BUCKY! Don't make me pull this blog over!

jeff, I would imagine that there is a certain amount of "crazy" among racers. Incidentally, there's a certain amount of "crazy" among therapists, too. I realize that this comes as a shock to readers of this blog ;)

nina, I know, now I'm dreading the next time I have to go to the doc.

echrai, I'm glad you said this. Yes, the truth is MANY, if not most, of my clients are very high-functioning, intelligent, kind, interesting people. People with whom, if I weren't their therapist, I would love to be their friend.

squirl, oh, you stopped spanking her when she turned 40?

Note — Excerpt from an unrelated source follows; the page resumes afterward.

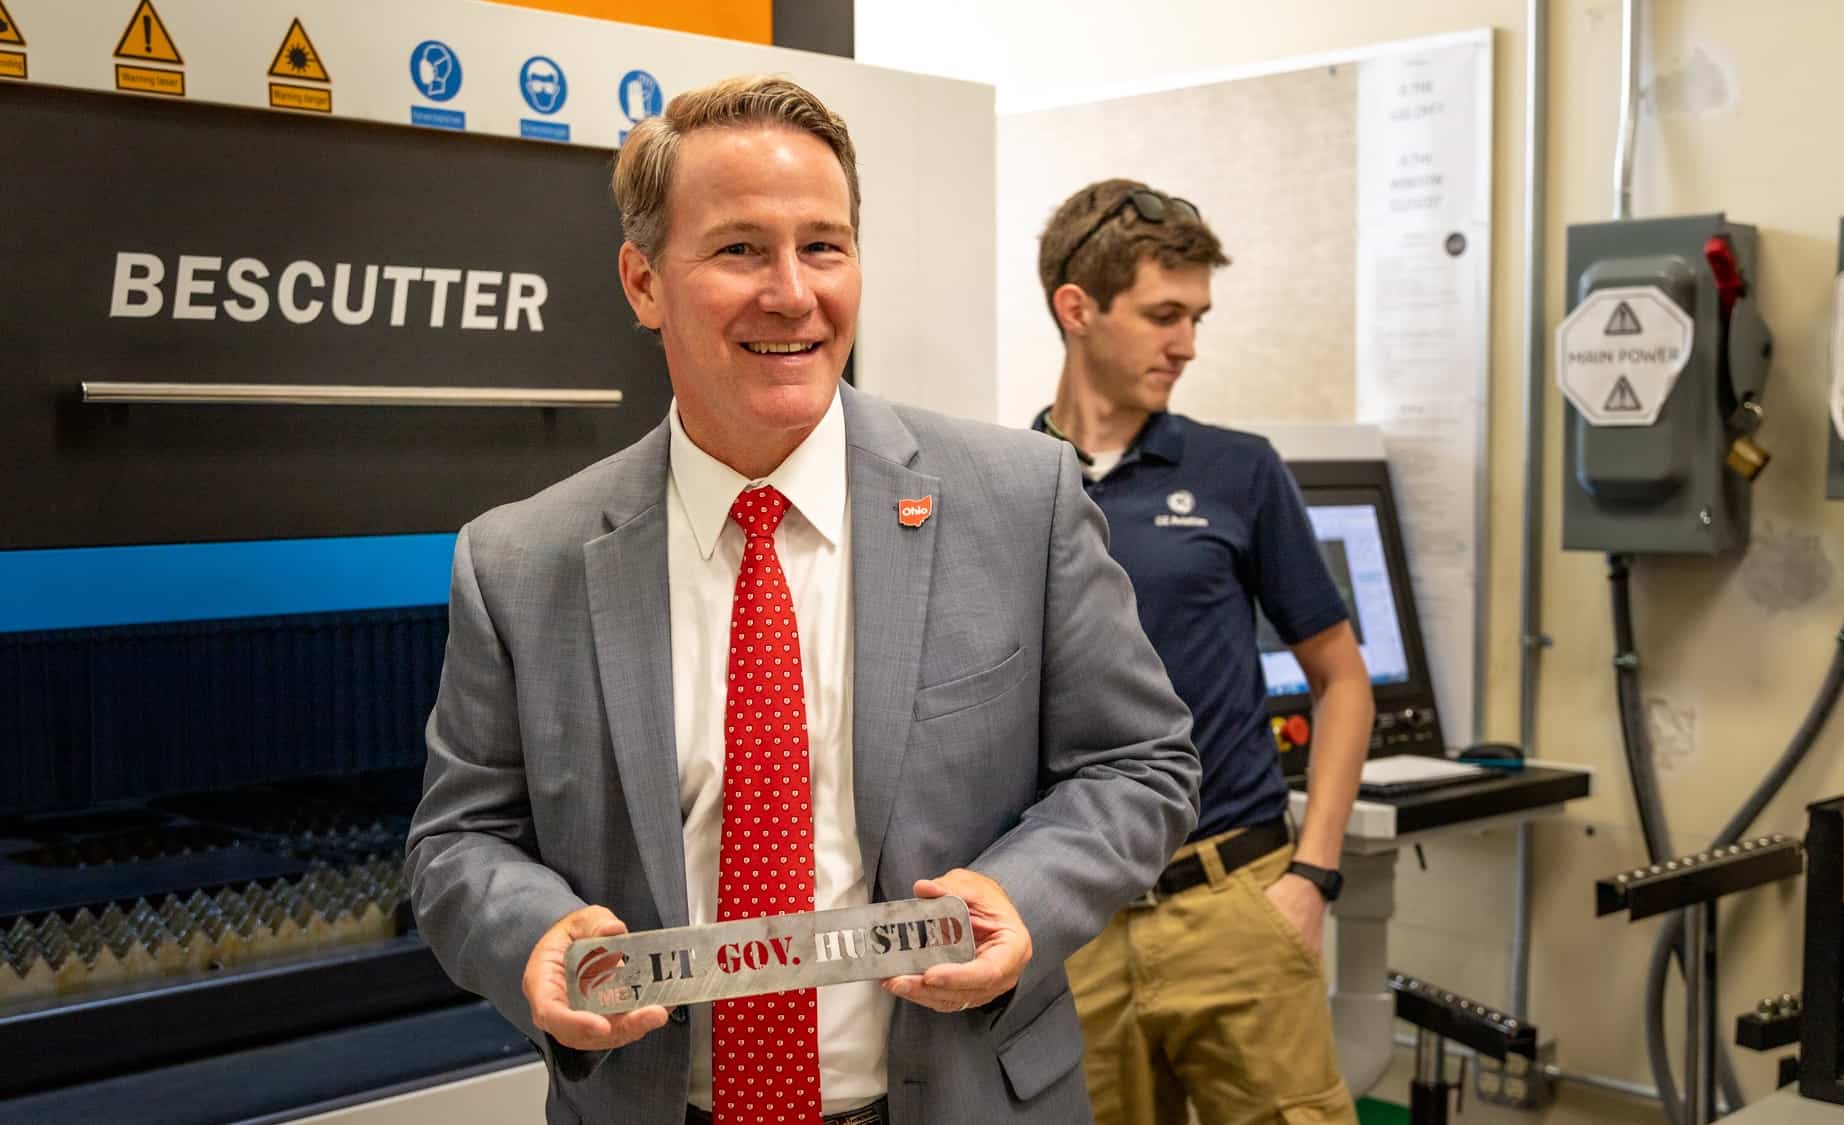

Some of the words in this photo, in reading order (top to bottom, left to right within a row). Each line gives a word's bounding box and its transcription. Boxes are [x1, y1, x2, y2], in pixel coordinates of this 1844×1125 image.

bucky, that's better. Don't use the assless chaps for evil.

squirl, let's just skip the green ones, it's too dangerous with greenie playing (or too much fun for him?)

hoss, right backatcha

soozieq, welcome! Love your name. I've seen you around, I like what you write, too! :)

sassyfemme, I'm always glad to give you a chuckle

HDL, that's the thing, it doesn't seem to matter that it's such a big place, everybody's still always tripping over one another's bidniss!

bucky, well, of course you would be the top hat. That makes me smile. You were born to be the top hat.

operagirl, I like the old shoe

bucky, get the money out of your underpants. Wait, you don't have any underpants . . .

operagirl, this is bucky. You KNOW she's going to ask you to retrieve it.

eclectic, I have NEVER enjoyed a game of Monopoly. I think it sucks, actually. That and LIFE. I hate 'em.

cori, thanks for the invite. I will come over. I clicked on your old place in my "favorites." There goes the neighborhood :0

bucky, I just don't like this game. I like Marvin Gaye, can I buy some Marvin Gaye . . .

 
Blogger JR said...

Wow, you have a knack for the written word! I'm impressed, you've taken a good story, and made it really great. I love the way you lay out your ideas and give us a road map on where you are going. I really liked the narrative you gave us to start the post with!

Do you have a minor in English? Do you ever write any short stories? I'd really like to see one, if you do.

Oh, and if you couldn't tell, I like your blog, lol.

-Justin

 
Blogger Katy Barzedor said...

Susie, for you, we'll make it Marvin Gaye-dens.

And I think Monopoly sucks, too. I'm more of a Trivial Pursuit geek. Monopoly, when played correctly, gives me diarrhea.

 
Blogger Susie said...

justin, welcome, aren't you nice? I don't deserve all that, but that doesn't stop me from enjoying it :) I have written lots of stories about my life, here, but no fiction; I would like to try some day, but I'm a big chicken. I'm hoping blogging will help me with the chickenness.

bucky, I like Trivial Pursuit, too. And I like word games. Strategy and money games, not so much.

 
Blogger Denise B. said...

How freaking scarey is that? Are you going to talk to the doctor?? I mean, there has got to be a way you can delicately explain that you do NOT want that woman near your files, since you have a prior professional relationship...or something fancy like that!

 
Blogger this.is.damon said...

I love your blog Susie ... you of course know this already. Its always such good reading. The problem lies in that you WRITE TOO MUCH! LOL

This is entirely my problem, as I want to read all these posts, and consequently comment each. That's not going to happen ... well, the "commenting each" part at least. But rest assured I'm going to read them all ;)

 
Blogger Nessa said...

oh my gosh, what a horrible story!!!!!